Sante made no reply, but did not move. “That loan I was talking about,” he began with a stutter, before pulling himself together. “I mean, have they really run out of cash?”
“It’s too early to say. The Rodolfis maintain they do have the money.”
“So where is Paride?” Sante said, raising his voice and close to losing his temper. Soneri knew this was the question they all wanted answered, the question that embodied the fears of a village where they were all creditors.
“Sante,” began the commissario, looking directly upon him so as to sound more convincing, “the truth is I do not know. I’m here on holiday. The carabinieri know a lot more about it. They’ve sent in that captain. He must be on the case by now, mustn’t he?”
“Yes, but I have more confidence in you. I saw you growing up here when I was not much older myself.”
Soneri stood up and put his arm round Sante’s shoulders. “You’ll see: it will all turn out fine. I’ll do what I can to find out more and of course I’ll keep you informed.”

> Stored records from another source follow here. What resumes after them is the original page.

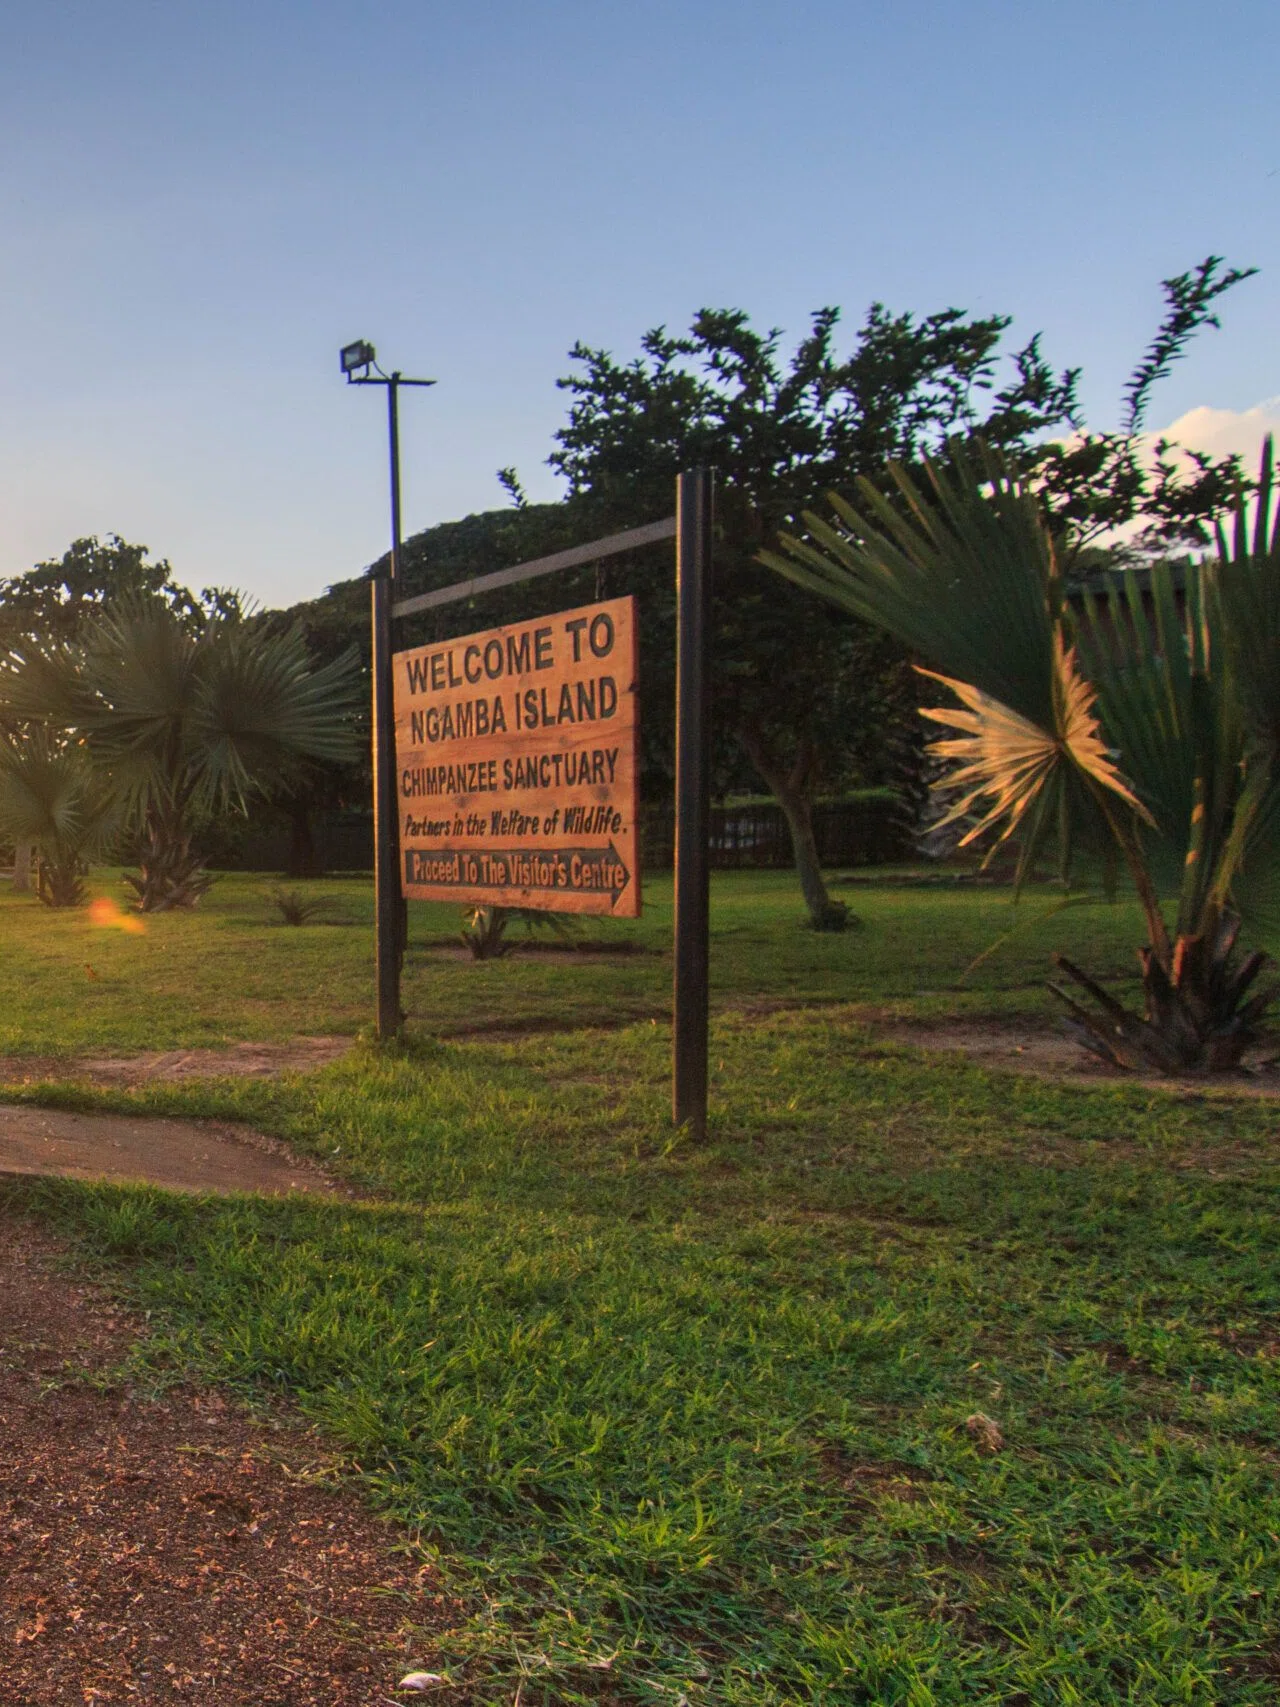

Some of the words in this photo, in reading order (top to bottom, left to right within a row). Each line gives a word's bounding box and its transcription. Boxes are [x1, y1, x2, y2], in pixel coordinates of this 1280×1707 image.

[406, 626, 554, 695] WELCOME
[565, 612, 615, 662] TO
[411, 695, 507, 744] NGAMBA
[515, 676, 618, 730] ISLAND
[402, 760, 497, 798] CHIMPANZEE
[503, 748, 619, 790] SANCTUARY
[404, 813, 450, 836] Partners
[453, 813, 466, 835] in
[466, 813, 486, 836] the
[490, 810, 538, 836] Welfare
[544, 808, 560, 835] of
[413, 854, 459, 882] Proceed
[462, 854, 478, 884] To
[480, 854, 506, 884] The
[508, 854, 567, 887] Visitor's
[570, 854, 624, 889] Centre

Sante bowed his head. He tried to look grateful, but managed only to be a picture of anxiety.
When the commissario left the pensione he felt the force of the cold, biting wind as it swept along the valley. The freezing temperature was no longer confined to the higher ground, and even in the village the puddles had a thin covering of ice.
To save time, he made for the Case Rufaldi. There was a woodland track that would be hard going, but it went directly up almost to the ridge before turning onto the Badignana plain. The Woodsman’s daughter had not given him a time for the meeting, or perhaps it had slipped his memory, but he would take no chances and be there early rather than risk missing out on the possibility of meeting her father.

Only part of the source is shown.